● **Work to be completed**: Print each line exactly, beginning with the one where "this 1288×966 image." appears and ending at the last line below.

Stored data entries
▶
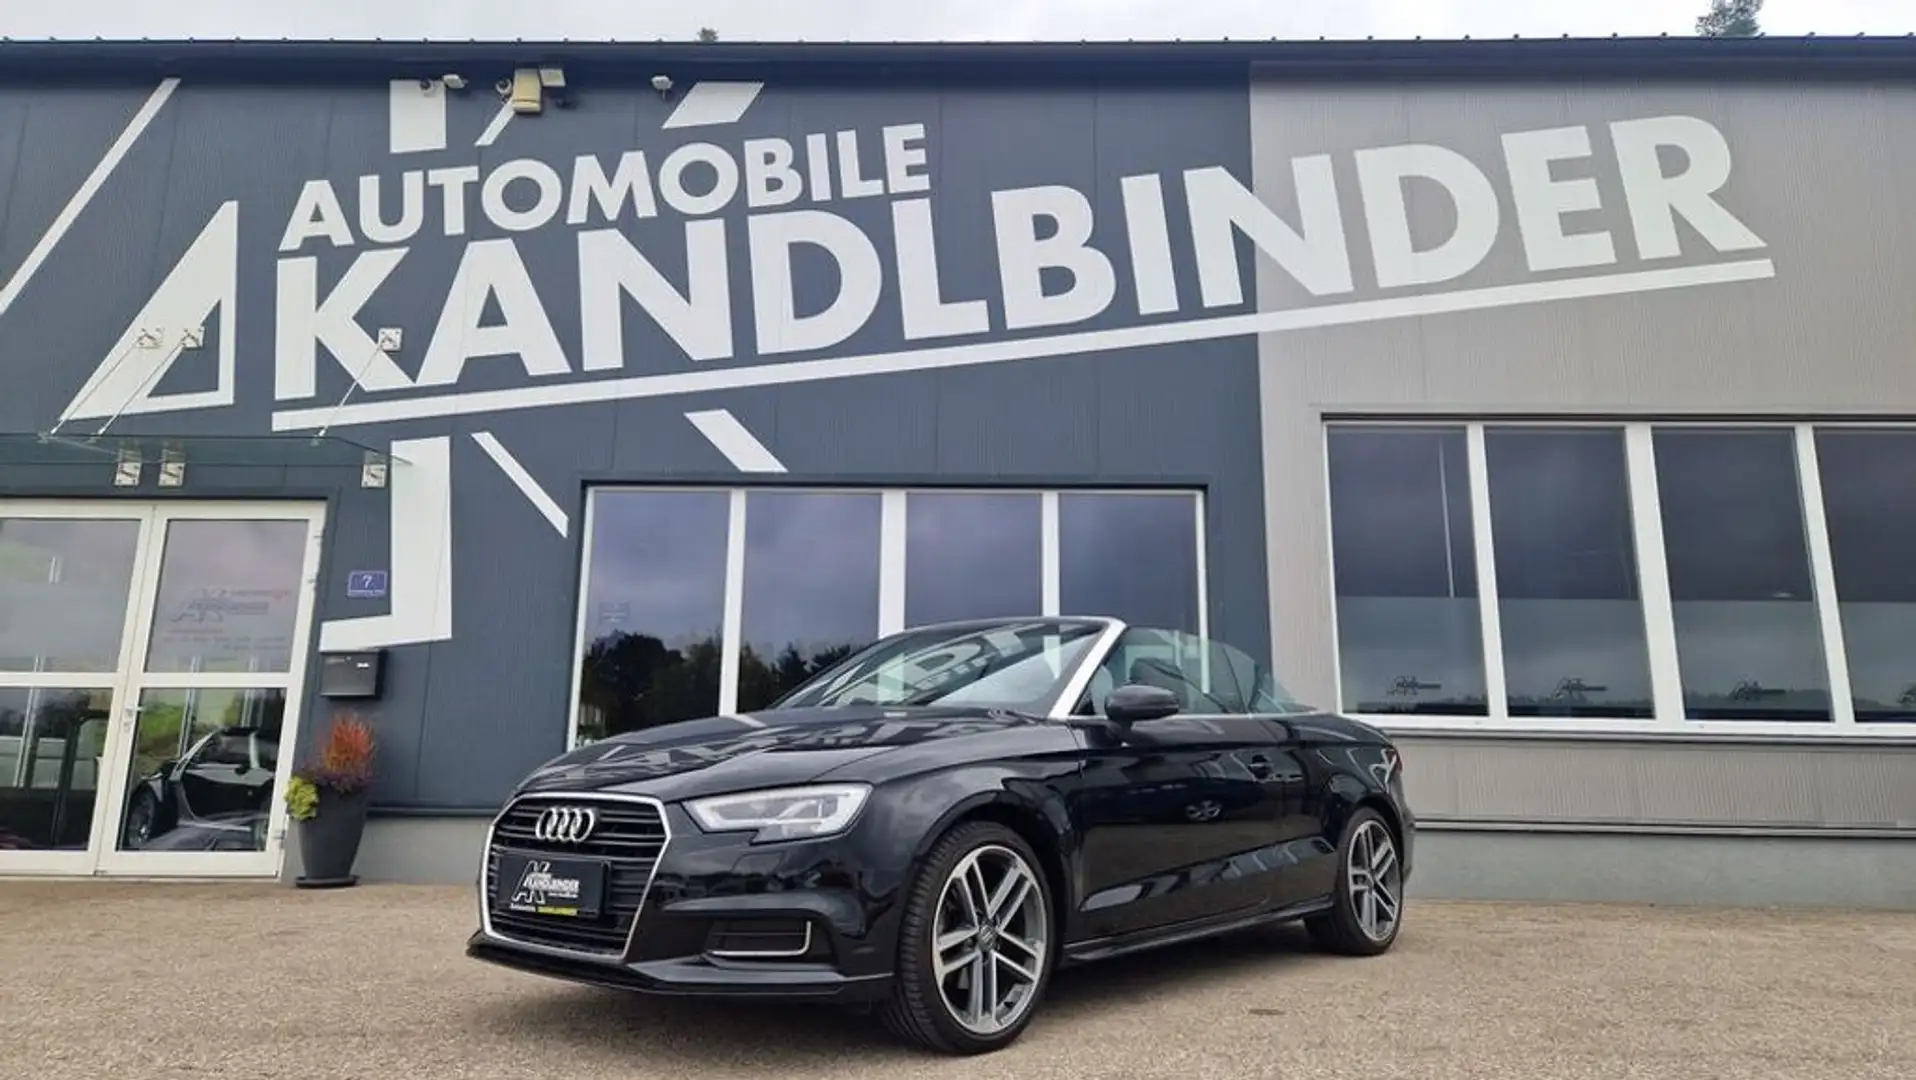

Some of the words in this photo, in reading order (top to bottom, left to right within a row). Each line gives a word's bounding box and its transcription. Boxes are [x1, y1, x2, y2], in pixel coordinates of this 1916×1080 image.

[279, 123, 930, 251] AUTOMOBILE
[275, 115, 1768, 400] KANDLBINDER
[363, 574, 373, 589] 7
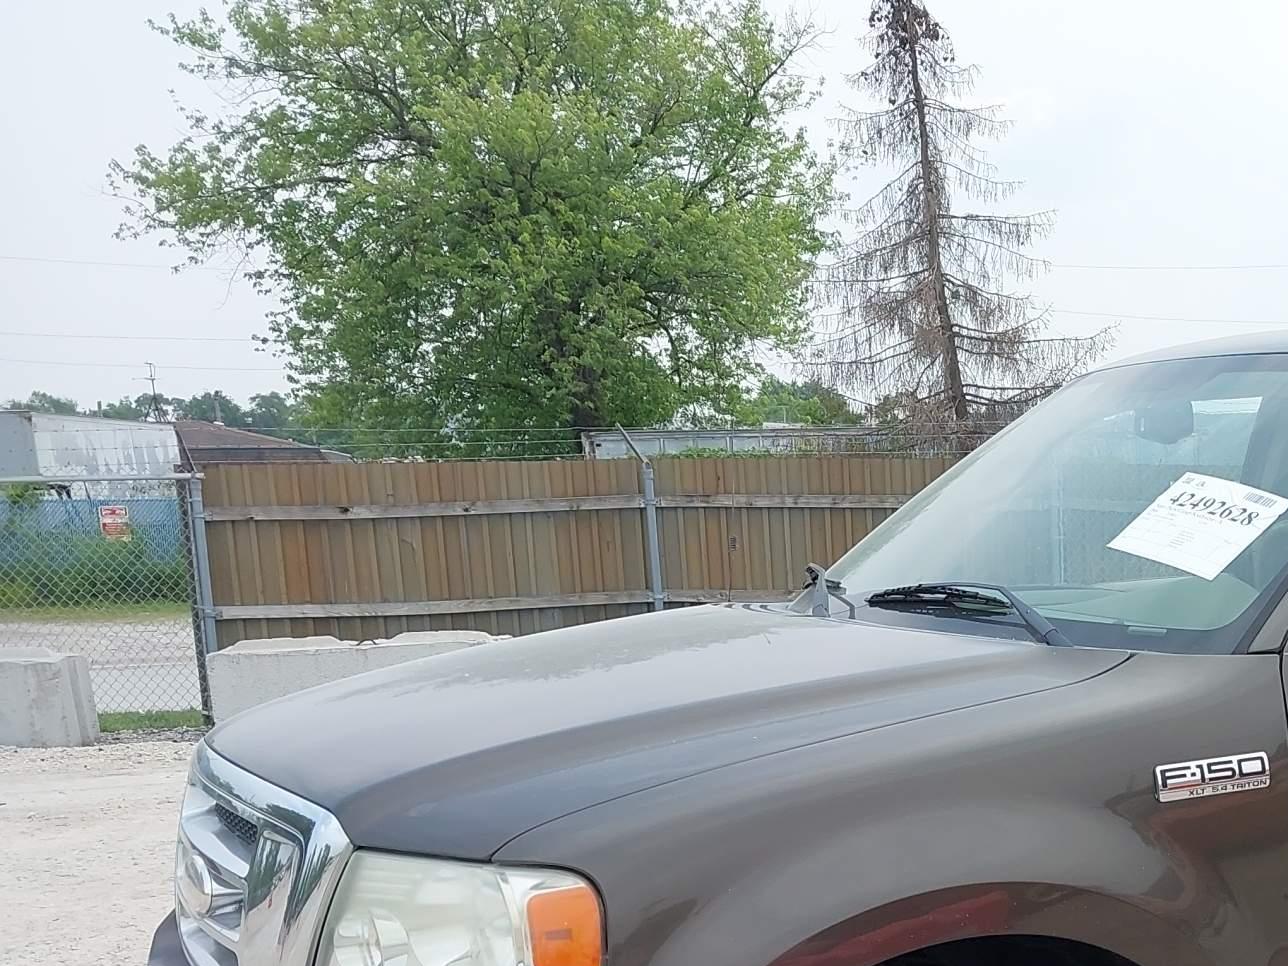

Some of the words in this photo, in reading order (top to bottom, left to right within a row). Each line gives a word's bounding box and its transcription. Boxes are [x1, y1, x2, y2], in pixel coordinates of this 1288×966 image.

[1170, 491, 1261, 527] 42492628
[1159, 756, 1268, 789] F-150
[1188, 787, 1206, 797] XLT
[1211, 784, 1228, 794] 5.4
[1231, 779, 1268, 791] TRITON
◀
● **Solved problem**:
Some of the words in this photo, in reading order (top to bottom, left to right within a row). Each line gives a word's bounding box and its transcription. Boxes are [x1, y1, x2, y2], in pixel coordinates of this 1288×966 image.

[1170, 491, 1261, 527] 42492628
[1159, 756, 1268, 789] F-150
[1188, 787, 1206, 797] XLT
[1211, 784, 1228, 794] 5.4
[1231, 779, 1268, 791] TRITON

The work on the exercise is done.